## Exercise
Please set out each line below exactly as it stands, without the images.

## Saved entries
_ _ _ _ _ _ _
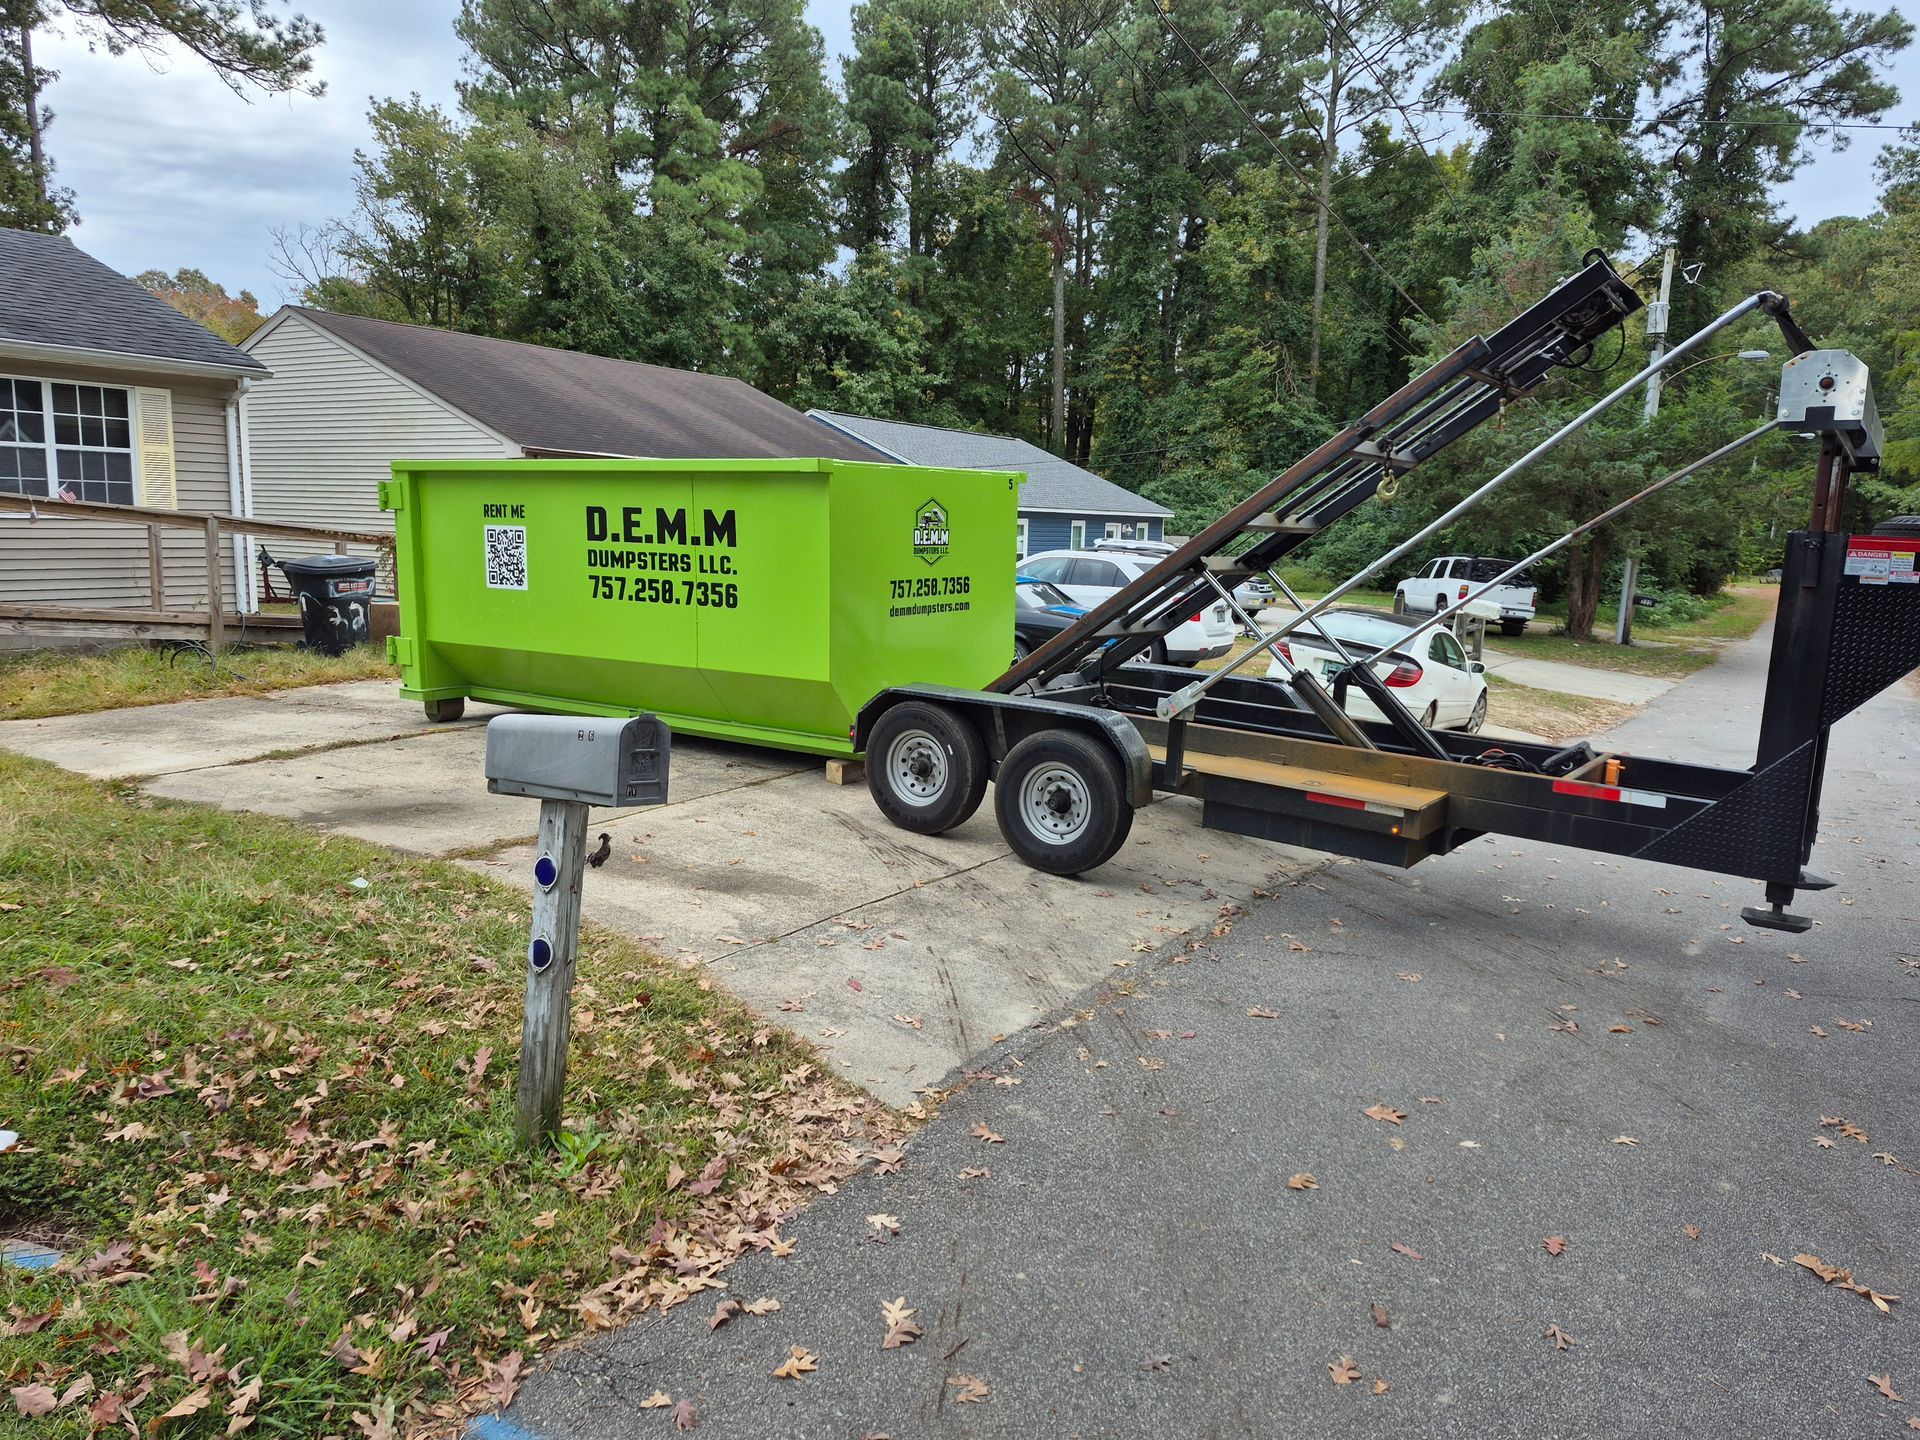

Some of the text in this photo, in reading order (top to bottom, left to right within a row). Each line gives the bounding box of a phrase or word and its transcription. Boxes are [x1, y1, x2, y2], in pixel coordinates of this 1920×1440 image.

[484, 504, 525, 518] RENT ME
[586, 506, 737, 547] D.E.M.M
[914, 529, 949, 545] D.E.M.M
[913, 547, 940, 555] DUMPSTERS
[587, 549, 738, 575] DUMPSTERS LLC.
[890, 602, 970, 617] demmdumpsters.com
_ _ _ _ _ _ _
## Completed exercise
Some of the text in this photo, in reading order (top to bottom, left to right within a row). Each line gives the bounding box of a phrase or word and its transcription. Boxes are [x1, y1, x2, y2], in pixel coordinates of this 1920×1440 image.

[484, 504, 525, 518] RENT ME
[586, 506, 737, 547] D.E.M.M
[914, 529, 949, 545] D.E.M.M
[913, 547, 940, 555] DUMPSTERS
[587, 549, 738, 575] DUMPSTERS LLC.
[890, 602, 970, 617] demmdumpsters.com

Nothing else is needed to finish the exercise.